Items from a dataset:
- - - -

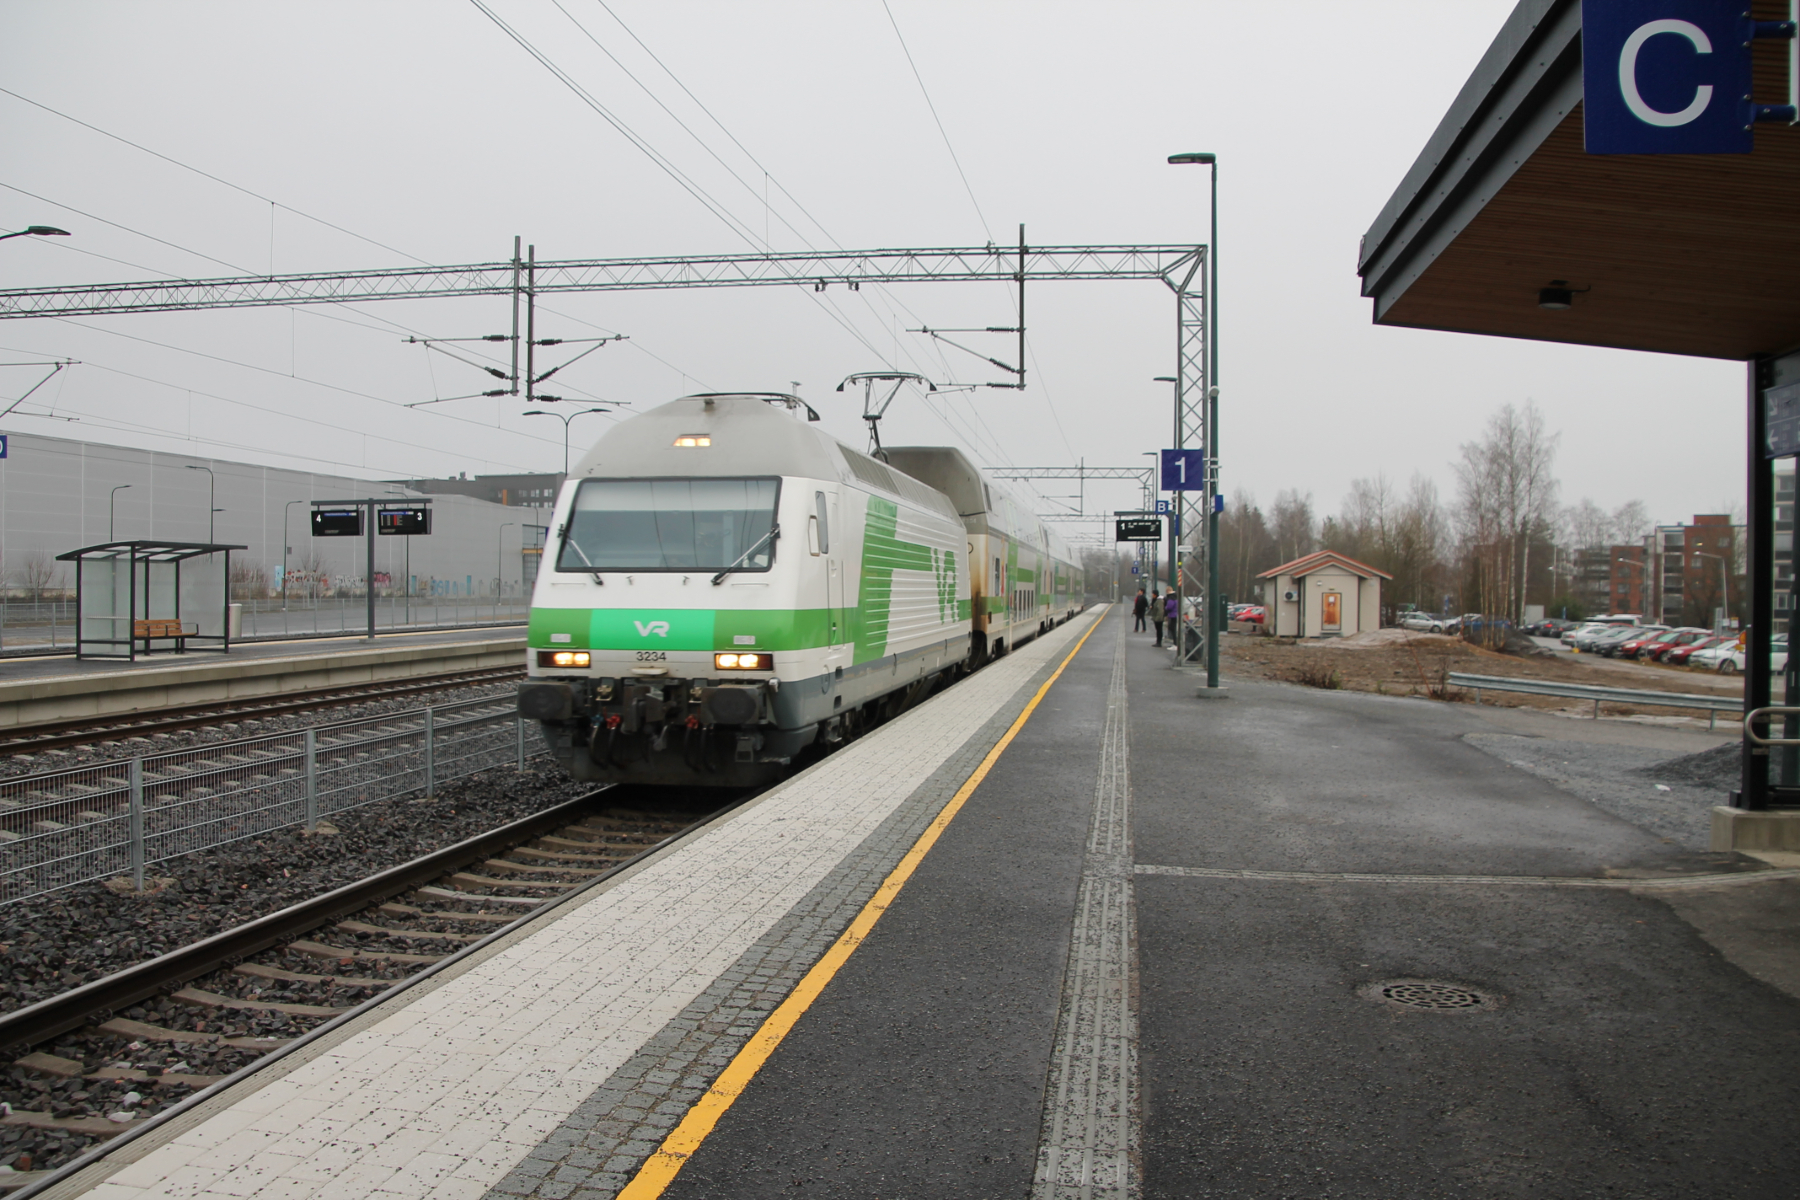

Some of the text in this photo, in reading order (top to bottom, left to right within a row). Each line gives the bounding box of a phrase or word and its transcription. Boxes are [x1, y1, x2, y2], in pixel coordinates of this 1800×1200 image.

[1619, 18, 1714, 127] C
[1174, 456, 1186, 484] 1
[1158, 502, 1166, 512] B
[316, 514, 322, 523] 4
[417, 512, 422, 521] 3
[933, 548, 957, 625] VR
[633, 621, 670, 637] VR
[636, 651, 667, 661] 3234
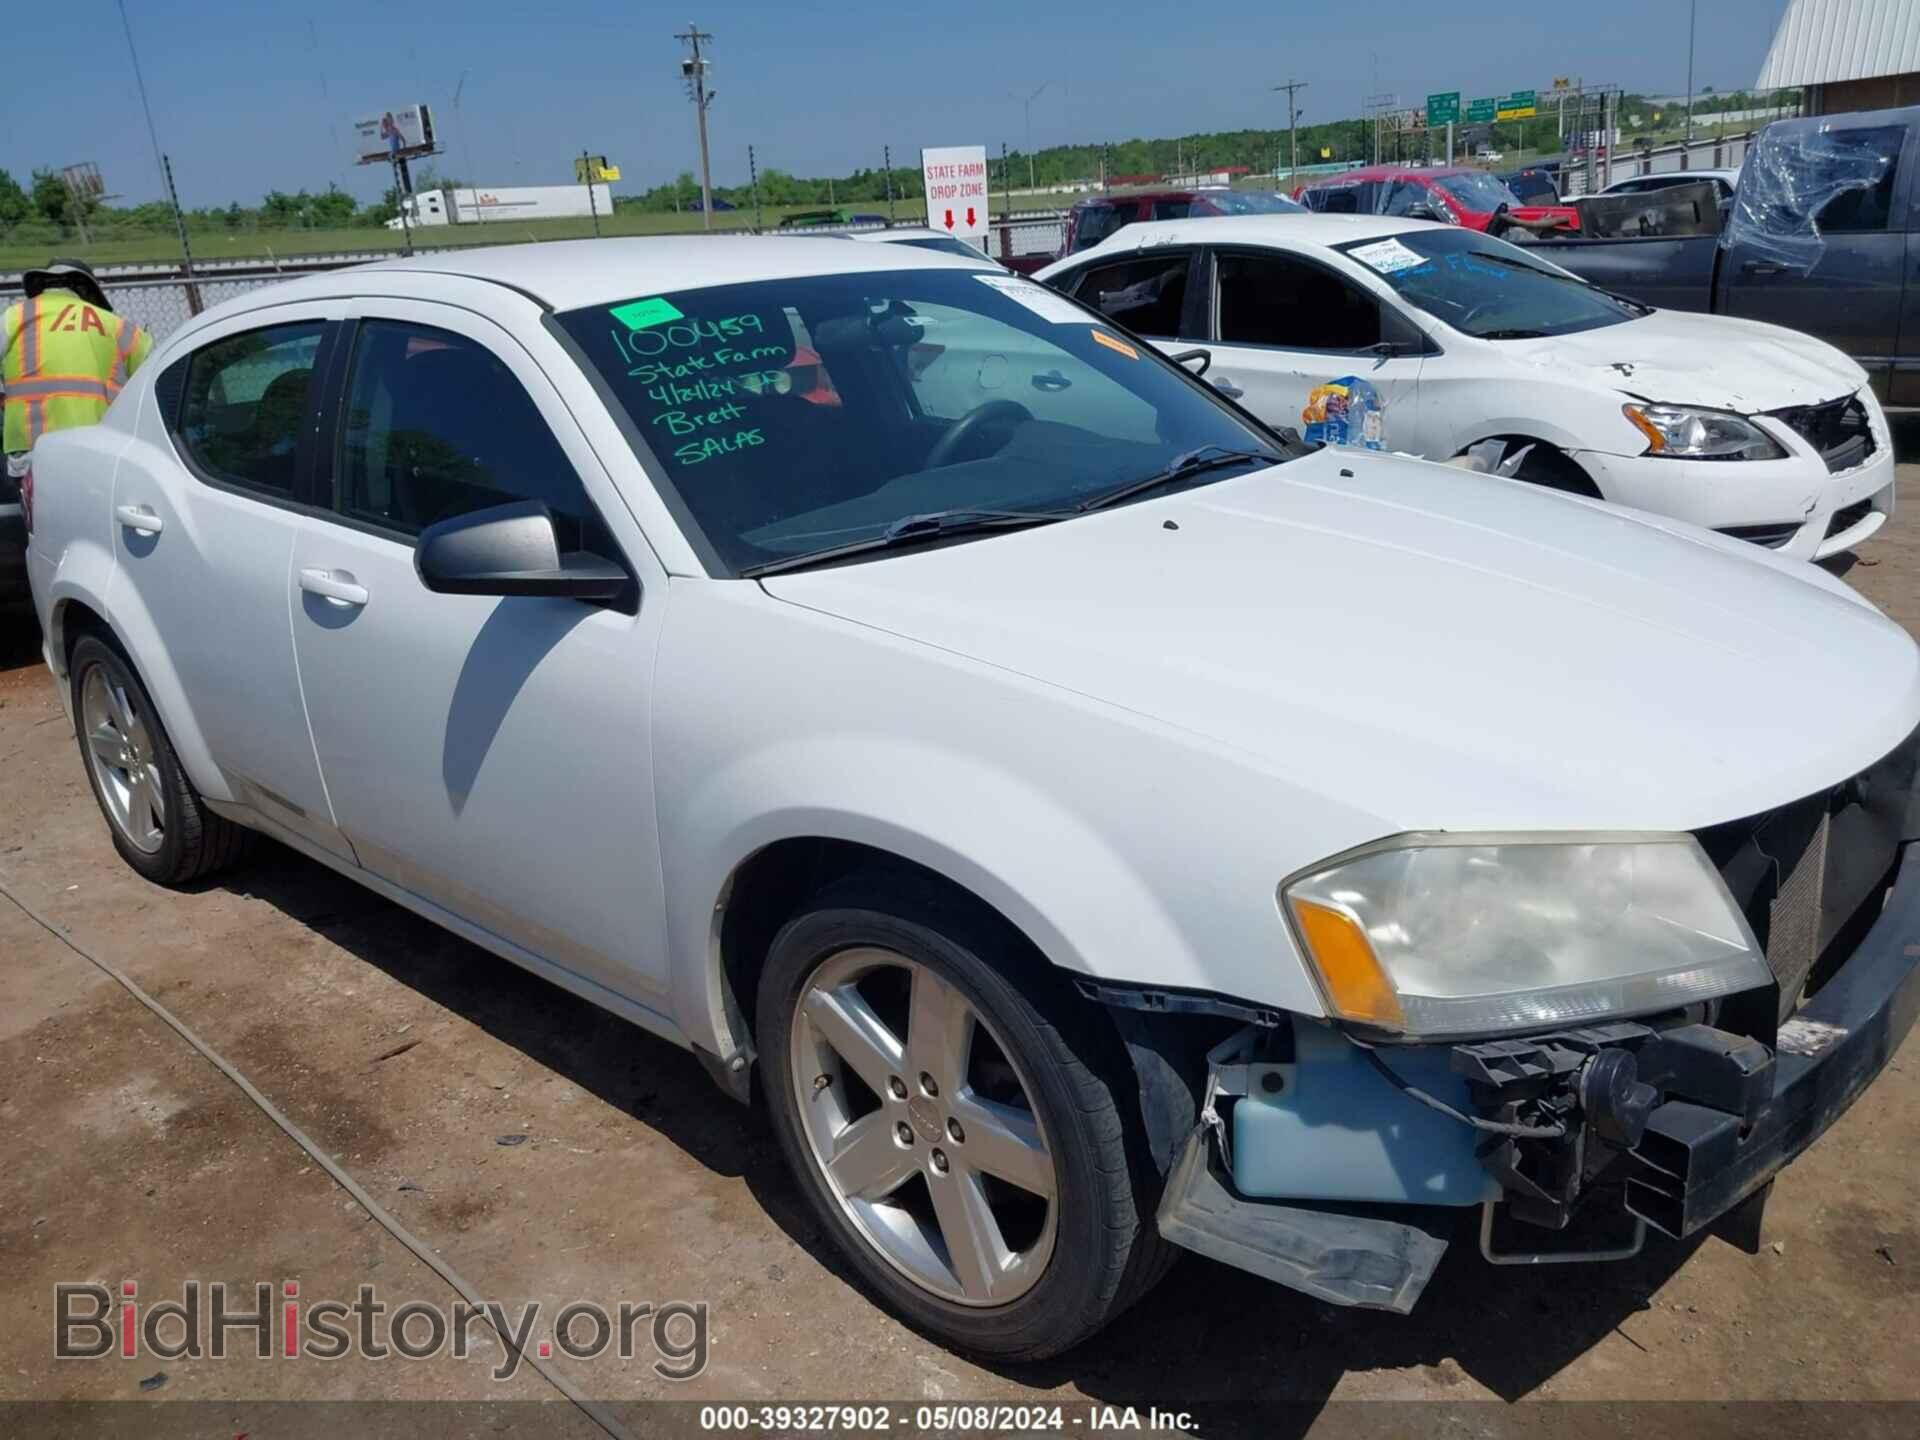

- - - -

▸ Problem: Without the pictures, give every line above again exactly.

▸ Solution to this task:
Some of the text in this photo, in reading order (top to bottom, left to right within a row). Each line gives the bounding box of a phrase or word and its transcription. Boxes are [x1, y1, x2, y2], in pixel coordinates of this 1800×1200 image.

[1619, 18, 1714, 127] C
[1174, 456, 1186, 484] 1
[1158, 502, 1166, 512] B
[316, 514, 322, 523] 4
[417, 512, 422, 521] 3
[933, 548, 957, 625] VR
[633, 621, 670, 637] VR
[636, 651, 667, 661] 3234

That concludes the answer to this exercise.